[Free-text object descriptions]

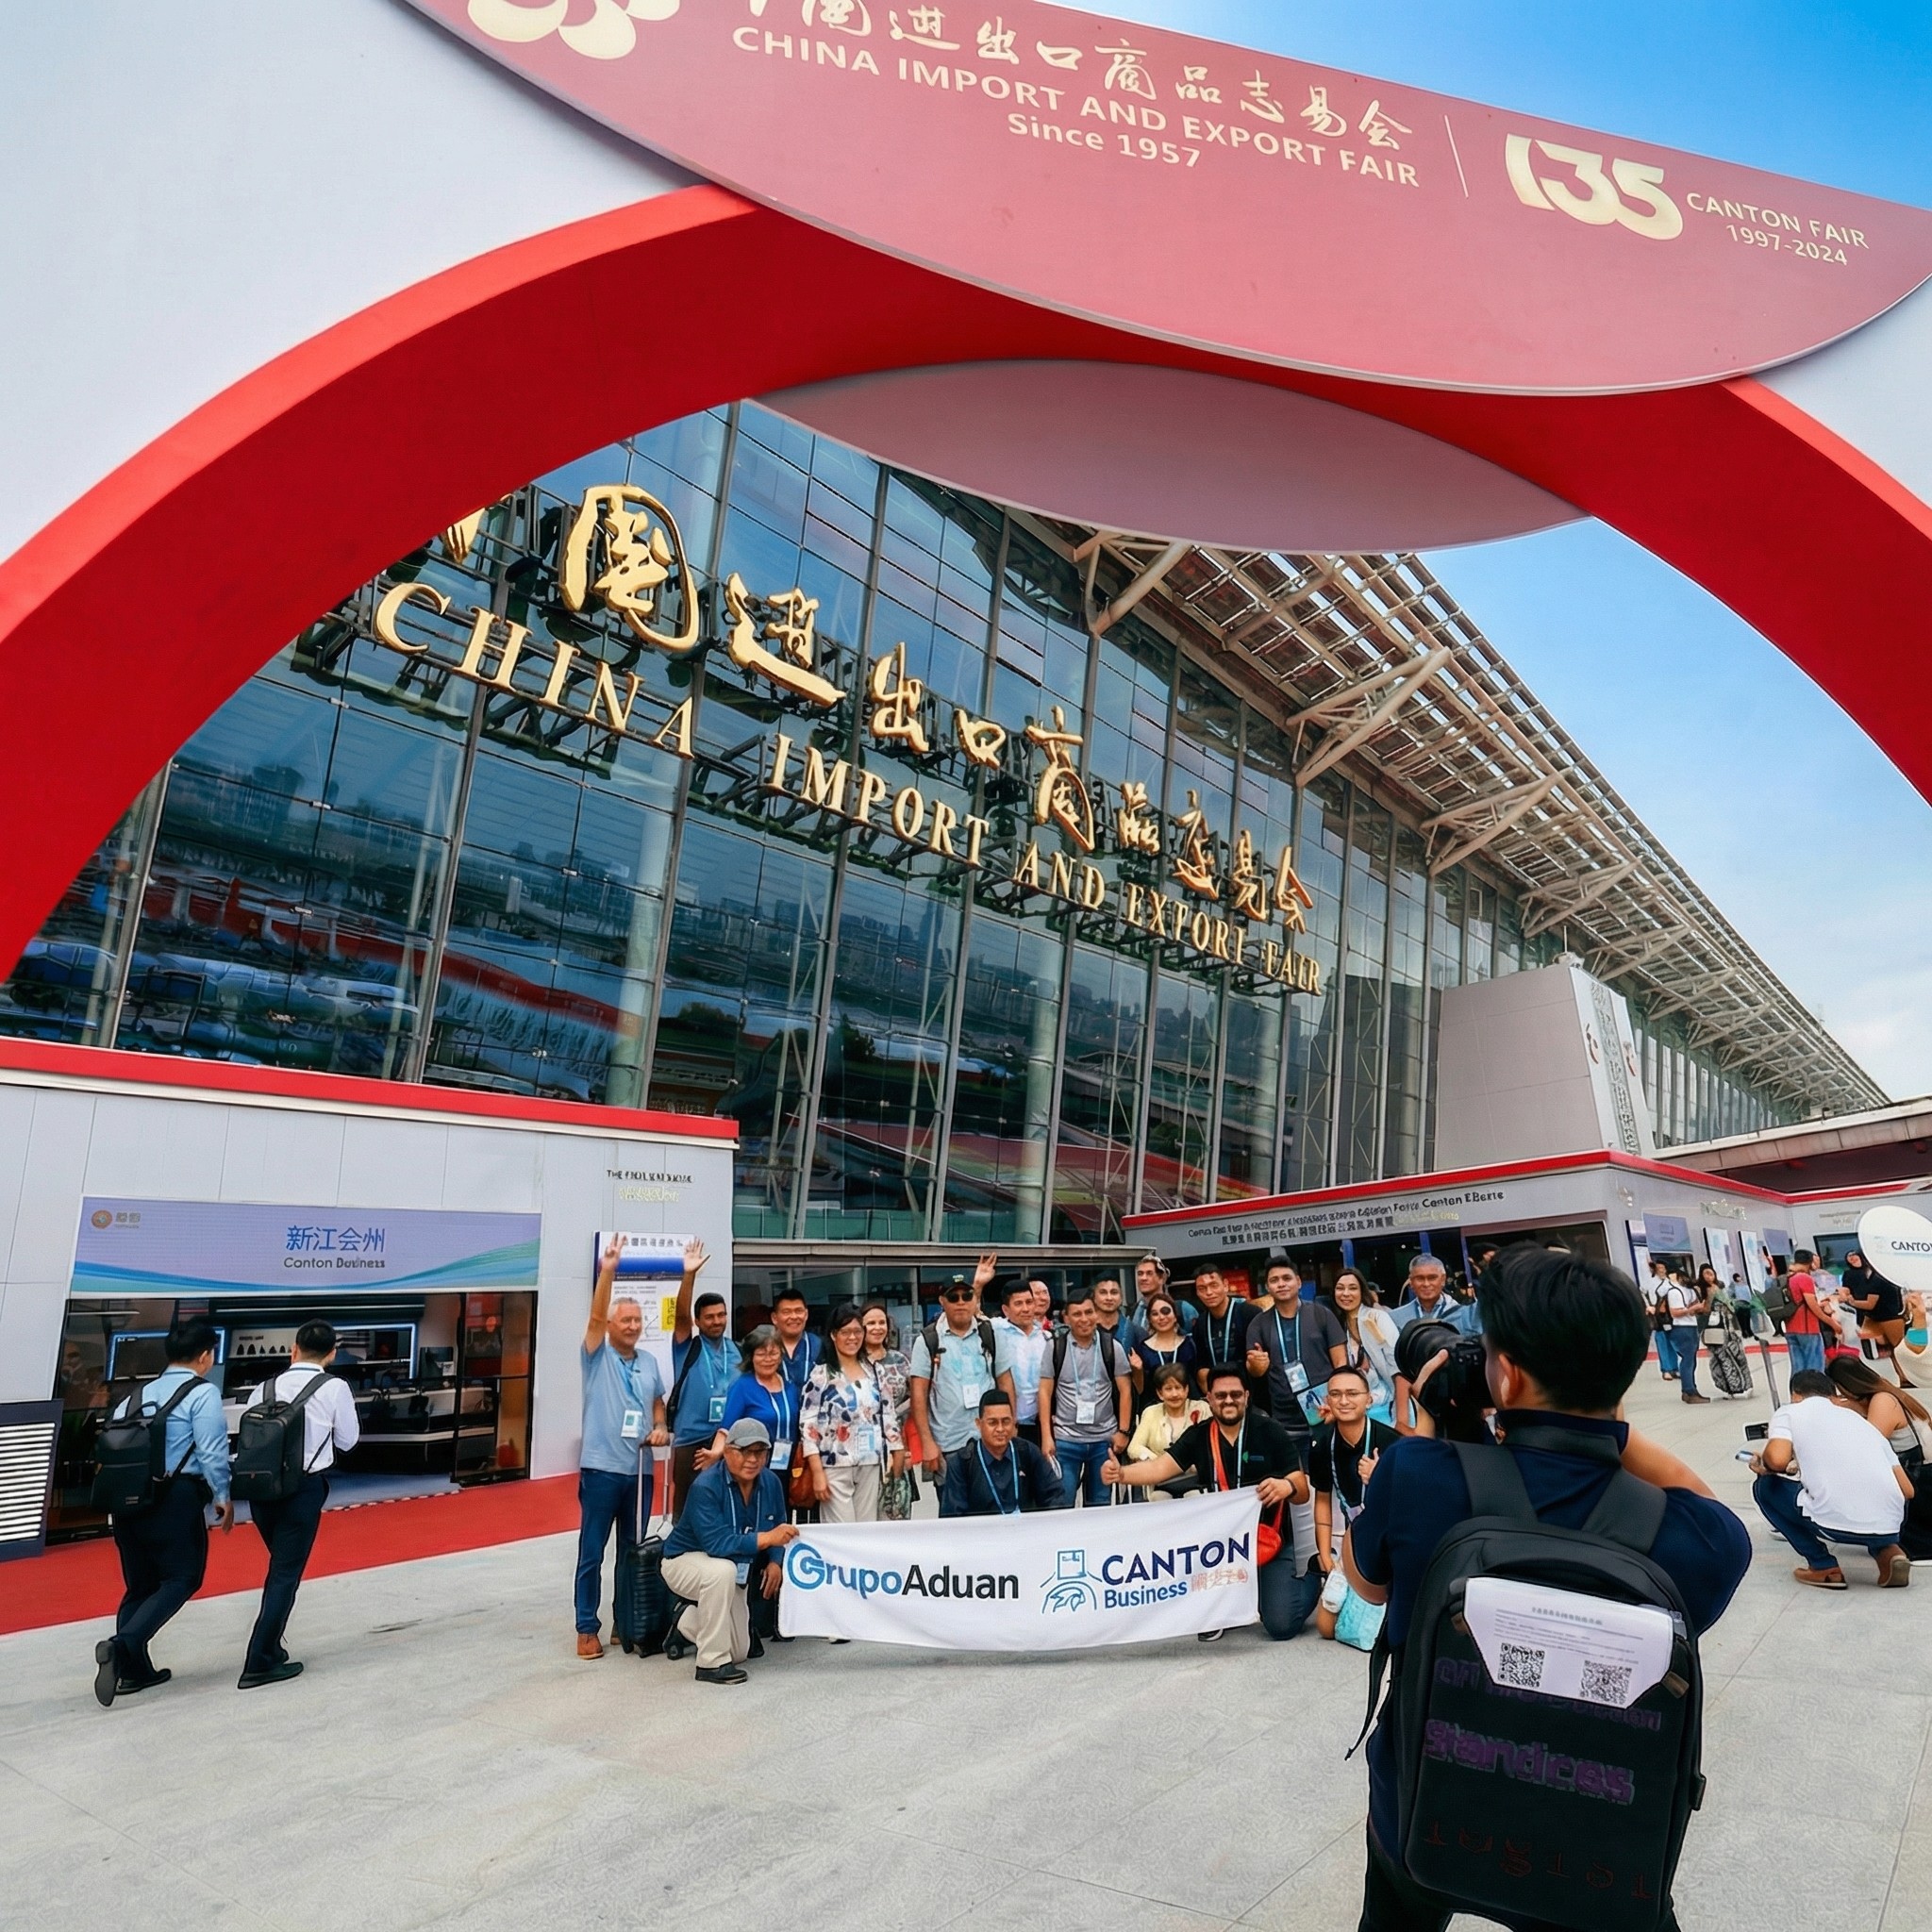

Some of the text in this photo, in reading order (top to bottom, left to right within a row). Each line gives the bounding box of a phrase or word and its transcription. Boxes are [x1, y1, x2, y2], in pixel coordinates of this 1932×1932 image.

[732, 26, 880, 75] CHINA
[899, 58, 1065, 110] IMPORT
[1080, 96, 1167, 131] AND
[1183, 115, 1325, 166] EXPORT
[1340, 149, 1419, 187] FAIR
[1008, 113, 1201, 168] Since 1957
[1505, 133, 1684, 241] 135
[1686, 192, 1870, 250] CANTON FAIR
[1725, 224, 1848, 266] 1997-2024
[374, 582, 696, 759] CHINA
[767, 734, 991, 867] IMPORT
[1012, 841, 1106, 911] AND
[1262, 940, 1322, 996] FAIR
[286, 1225, 385, 1253] 新江会州
[1890, 1241, 1932, 1253] CANTO
[787, 1542, 1019, 1599] GrupoAduan
[1101, 1532, 1250, 1585] CANTON
[1105, 1581, 1188, 1609] Business

§ Assignment
Each entry above should come back word for word, and no picture should come with it.

§ Written answer
Some of the text in this photo, in reading order (top to bottom, left to right within a row). Each line gives the bounding box of a phrase or word and its transcription. Boxes are [x1, y1, x2, y2], in pixel coordinates of this 1932×1932 image.

[732, 26, 880, 75] CHINA
[899, 58, 1065, 110] IMPORT
[1080, 96, 1167, 131] AND
[1183, 115, 1325, 166] EXPORT
[1340, 149, 1419, 187] FAIR
[1008, 113, 1201, 168] Since 1957
[1505, 133, 1684, 241] 135
[1686, 192, 1870, 250] CANTON FAIR
[1725, 224, 1848, 266] 1997-2024
[374, 582, 696, 759] CHINA
[767, 734, 991, 867] IMPORT
[1012, 841, 1106, 911] AND
[1262, 940, 1322, 996] FAIR
[286, 1225, 385, 1253] 新江会州
[1890, 1241, 1932, 1253] CANTO
[787, 1542, 1019, 1599] GrupoAduan
[1101, 1532, 1250, 1585] CANTON
[1105, 1581, 1188, 1609] Business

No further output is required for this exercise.